The solution to the problem in reality is very simple. The measures suggested by the “left” of selective control of imports and control of capital exports are impractical under capitalism. There are too many loopholes and the inevitability of a black market.

There is no way round the solution of the crisis, in the interest of the working class, except by crisis and emergency measures. Clement Attlee in his book Labour in Perspective suggested that Labour should pass an enabling act giving them blanket powers to take action against big capital. They are responsible for the virtual decay and decline of British capitalism.

A real plan of production

Now is the time not to promote further monopolies as the government is now deliberately doing by forcing amalgamations of business, but the taking over of the private banks, the less than 400 monopolies and the insurance companies that control the major part of the economy. If it is a question of maintaining the value of the pound as “a sacred symbol”, the taking over of the banks and the City corporations would soon solve that problem. A monopoly of foreign trade could decide which imports and which exports were essential. A democratic socialism drawing in the trade unions, the shop stewards, the Labour and Co-op workers, scientists, technicians, housewives, small shopkeepers and small businesses could discuss and plan the resources of the country. No man is an island. That is the lesson of organised Labour. No country is an island that is the lesson of Britain’s crisis for the past twenty years. References to gnomes of Wall St. and Zurich is merely to mystify the problem. It is a question of the international division of labour which complements the national division of labour, into docking, motor car manufacturing and so on.

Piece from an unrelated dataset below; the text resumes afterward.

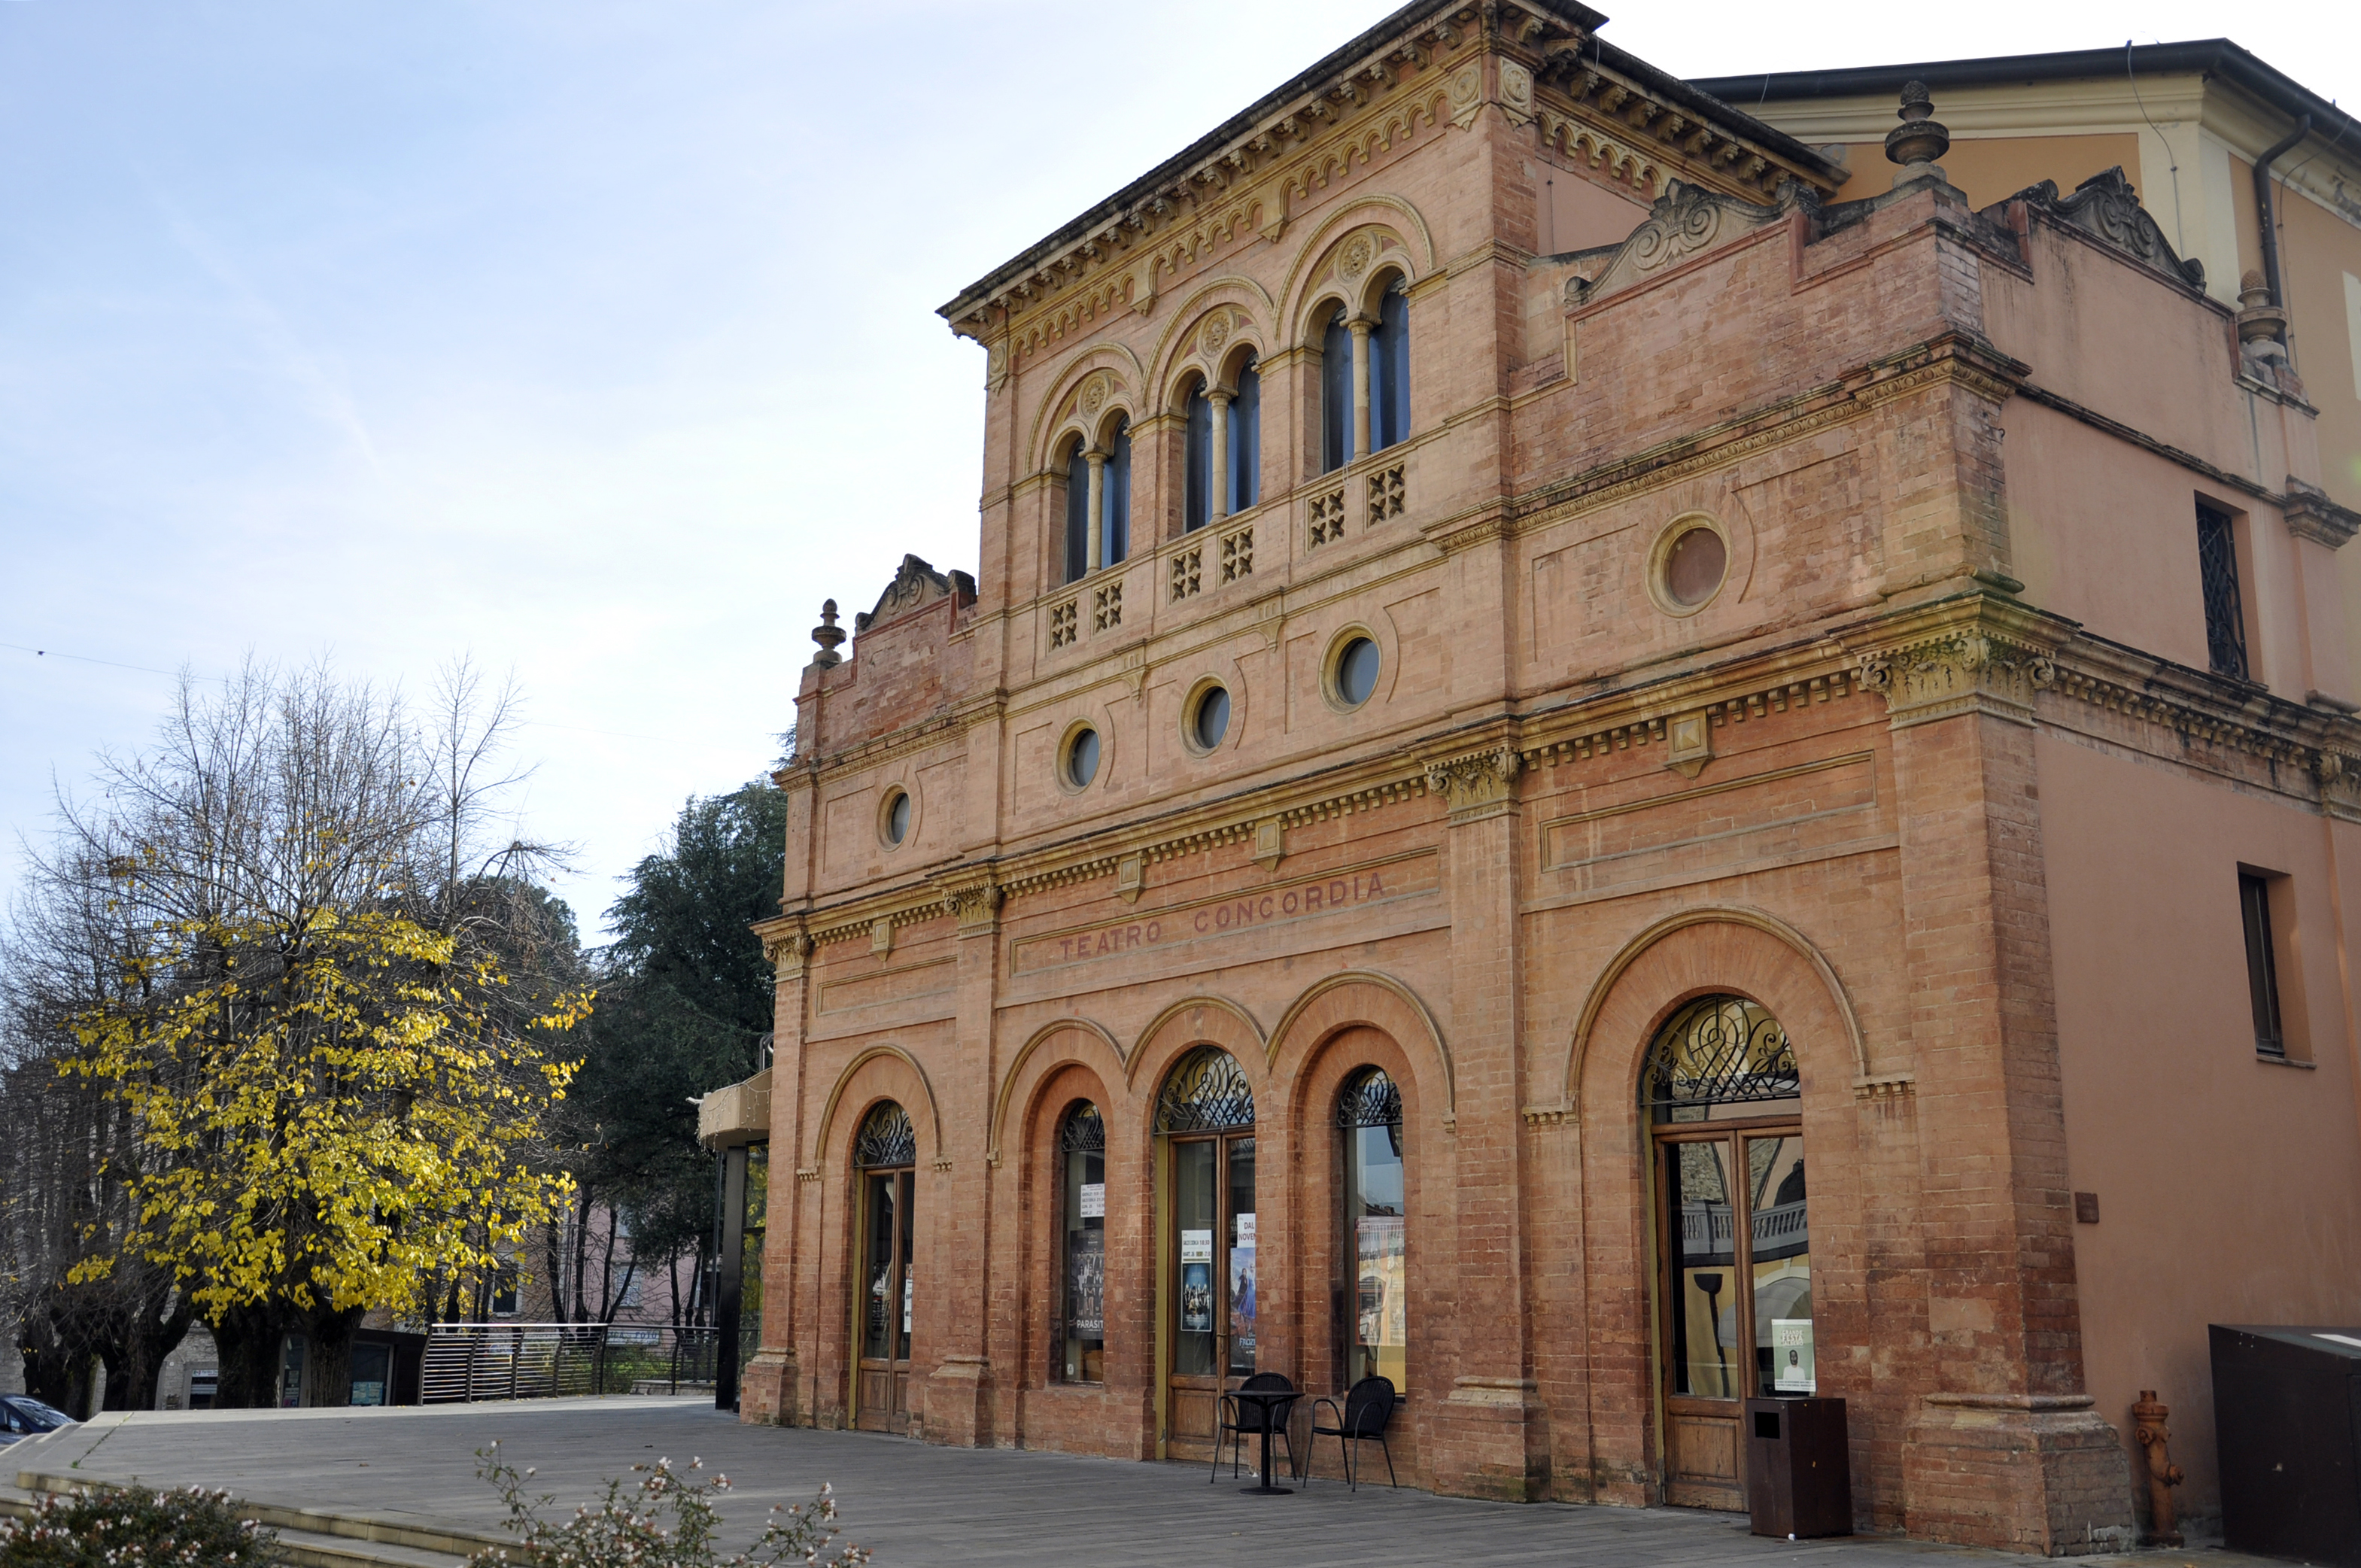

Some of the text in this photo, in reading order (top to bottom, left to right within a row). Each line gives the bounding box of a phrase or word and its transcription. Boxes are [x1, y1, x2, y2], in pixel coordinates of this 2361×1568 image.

Wilson savagely attacked the Tories on a nationalist basis for wanting to enter the Common Market. Now he is even somersaulting on this. Why? Because the means of production, that is to say the economic potential of the country (factory techniques, know-how and science) built by the labour of the workers, and of the surplus wealth extracted from them, has reached such heights that a market of even 50 million people is too small for the production runs of the biggest companies. Wilson’s “solution” has failed consistently for the last twenty years. While capitalism lasts there can be no solution for the working people. For the last 20 years there has been a vast increase in technique and invention. The productive power of the working class has increased enormously. Standards of sections of the working people through full employment and through the wives and entire families working have gone up but not in proportion to productivity.

Internationalism

A “nationalist” solution is no solution at all, as the bitter lessons of two world wars should have taught those who claim to lead the working class. The more far-sighted bankers are already dreading the deflationary measures. If the British rate of interest goes up so does that of other countries, if British industry becomes “competitive” that can only promote similar measures to that taken in Britain by other capitalist countries.

Only a democratic socialist Britain, offering the hand of friendship to the workers of Europe and the colonial countries can solve the problems of peace and socialism. The first step would be to demonstrate the advantage of a real plan of production with nationalised industry run through the trade unions and committees of workers, shop-stewards housewives, scientists and technicians locally. Then setting them up nationally. The trades councils could be broadened to include other sections and organised to supervise and run the industrial, service, transport and municipal areas, drawing in technicians and scientists to work out the resources of the country and their use for the benefit of all. That is a plan of production. Britain is still one of the wealthiest countries in the world. Let us use that wealth for the benefit of the people.